Ewe condition within the treatments were managed in line with Lifetimewool regional guidelines for managing Merino ewes with a late winter/spring lambing on the Southern Slopes of NSW, targeting condition score (CS) 2.75 at joining and with a 0.5 CS drop through pregnancy. Condition was monitored and when required supplementary feeding introduced to ensure a return to 2.75 score by lambing. Condition declined (by an average of ½ a score) through to weaning, with ewes regaining condition prior to the next joining.  While on an individual basis there was considerable variation in ewe condition within each of the treatment groups, there were no significant differences in ewe live weight or condition profiles between any of the treatment groups.

When supplementary feeding was required, lucerne hay was fed in conjunction with either lamb finishing pellets or oats.

Lamb growth rates

Lamb growth rates/live weights through to weaning were well matched to the production of store lambs (Table 2). Across all treatments, average lamb growth rates to weaning (November) ranged from 206 g/hd/day – 320 g/hd/day (depending on season), equating to average weaning weights of 29-32 kg respectively. While seasonally dependent, it is realistic that only small percentages of lambs are likely to fit market specifications for domestic slaughter lambs at weaning on this system. This is supported by previous research (Michalk et al., 2003) which showed that lambs produced on native pasture systems (both fertilised and unfertilised, and tactically and continuously grazed) were unable to reach a target carcass weight of 18-22kg on native pastures alone. In this research lambs were transferred to a chicory pasture for finishing to market specifications. However, lamb growth rates on native pastures can be higher if high quality annual species such as annual ryegrass and sub clover make up significant proportions of the composition. Where this was the case at Orange Proof Site, lambs reached store weights by the end of November when born in September.

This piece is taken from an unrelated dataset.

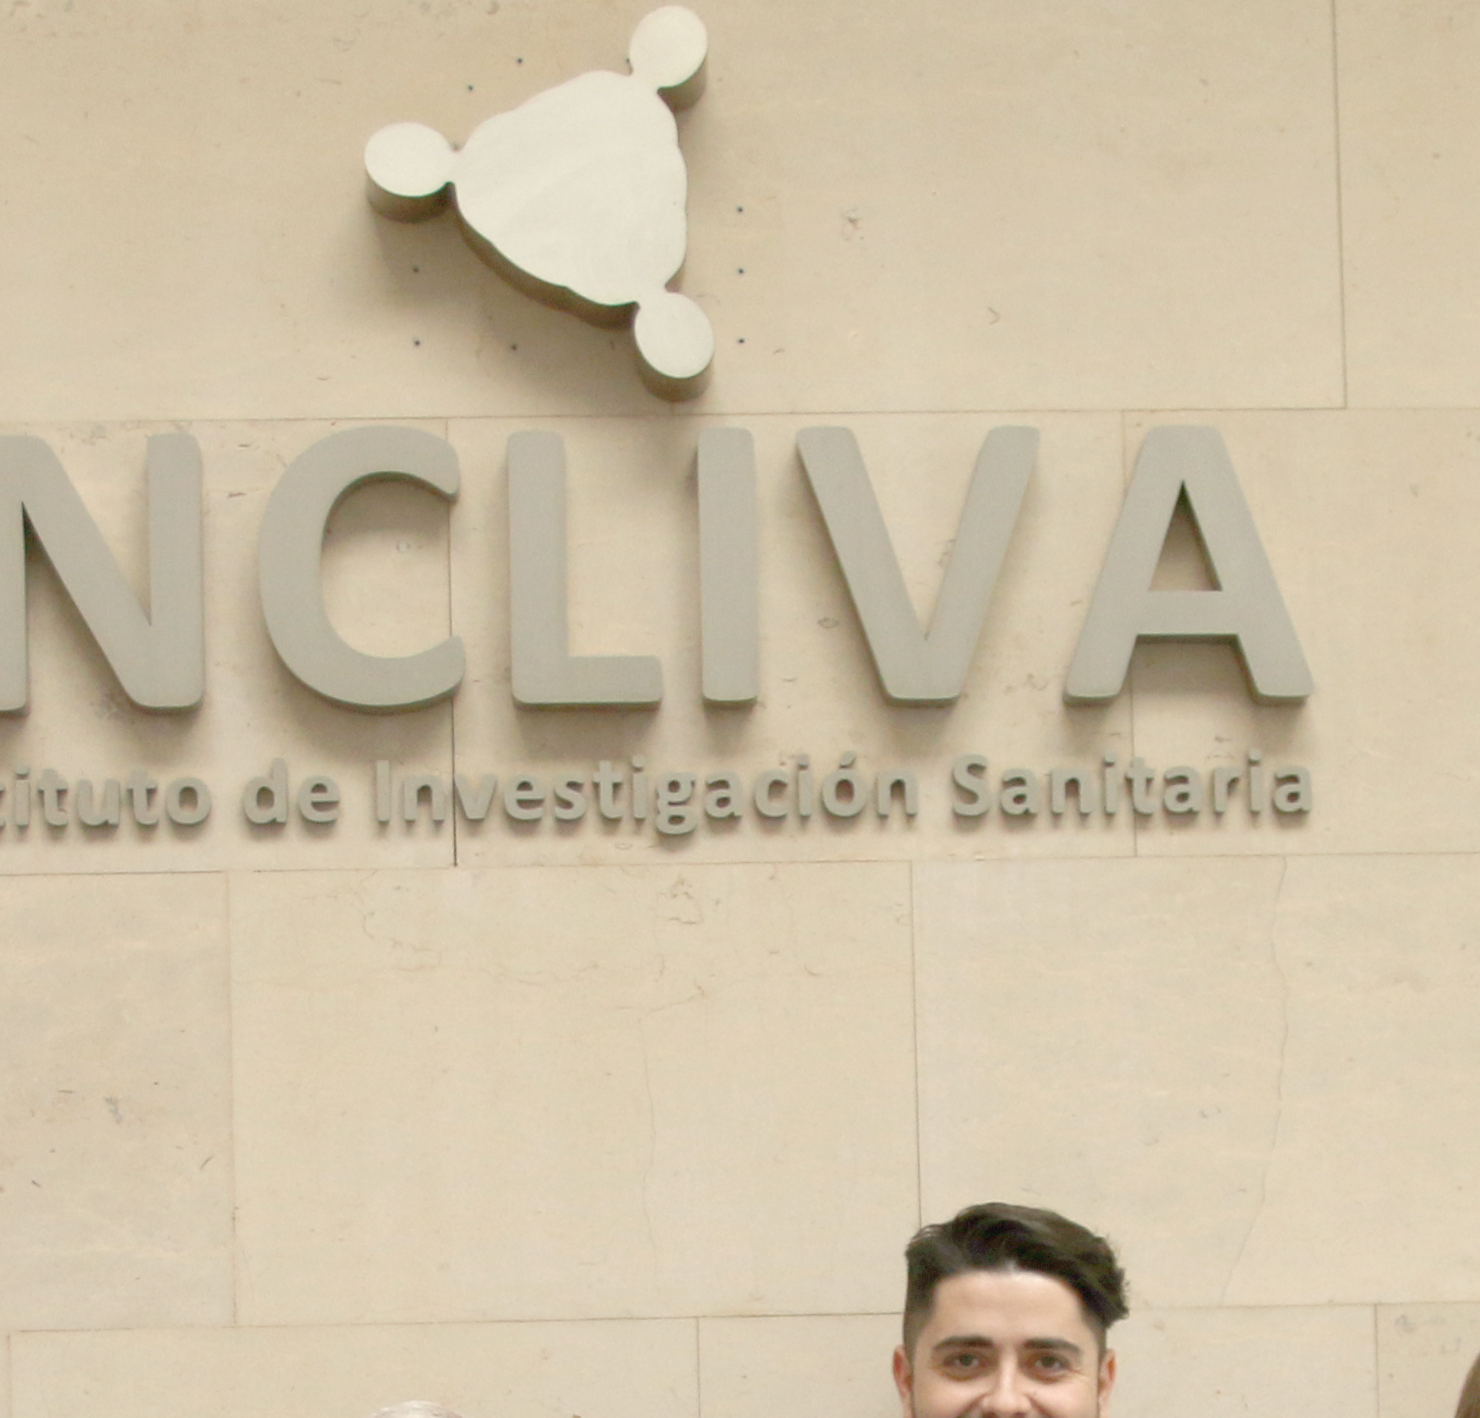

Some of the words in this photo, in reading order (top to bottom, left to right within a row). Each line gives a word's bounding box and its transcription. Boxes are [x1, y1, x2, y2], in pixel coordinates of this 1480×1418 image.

Table 2. Average lamb birth, marking and weaning weights (kg) for all treatments, within a weight grade and year, numbers with different subscripts are significantly different.

2008 2009 2010 2011
Birth weights – mid July
Low fertility, low stocking rate set stock 5.4 * 5.9 4.6
High fertility, high stocking rate set stock 5.4 * 5.3 5.0
High fertility, high stocking rate simple rotation 6.1 * 5.1 4.8
LSD 0.8 0.8 0.6
Marking weights – mid August
Low fertility, low stocking rate set stock 12.8 * 20.9 11.0
High fertility, high stocking rate set stock 13.9 * 18.6 10.9
High fertility, high stocking rate simple rotation 13.8 * 16.7 10.2
LSD 3.6 4.3 1.4
Weaning weights – typically late October
Low fertility, low stocking rate set stock 32.2 * 42.2 32.3
High fertility, high stocking rate, set stock 34.0 * 37.1 30.8
High fertility, high stocking rate, simple rotation 32.4 * 36.0 28.0
*LSD 9.4 6.5 3.4

*The Least Significant Difference (LSD is the minimum amount between values of each treatment for the difference to be defined as significant.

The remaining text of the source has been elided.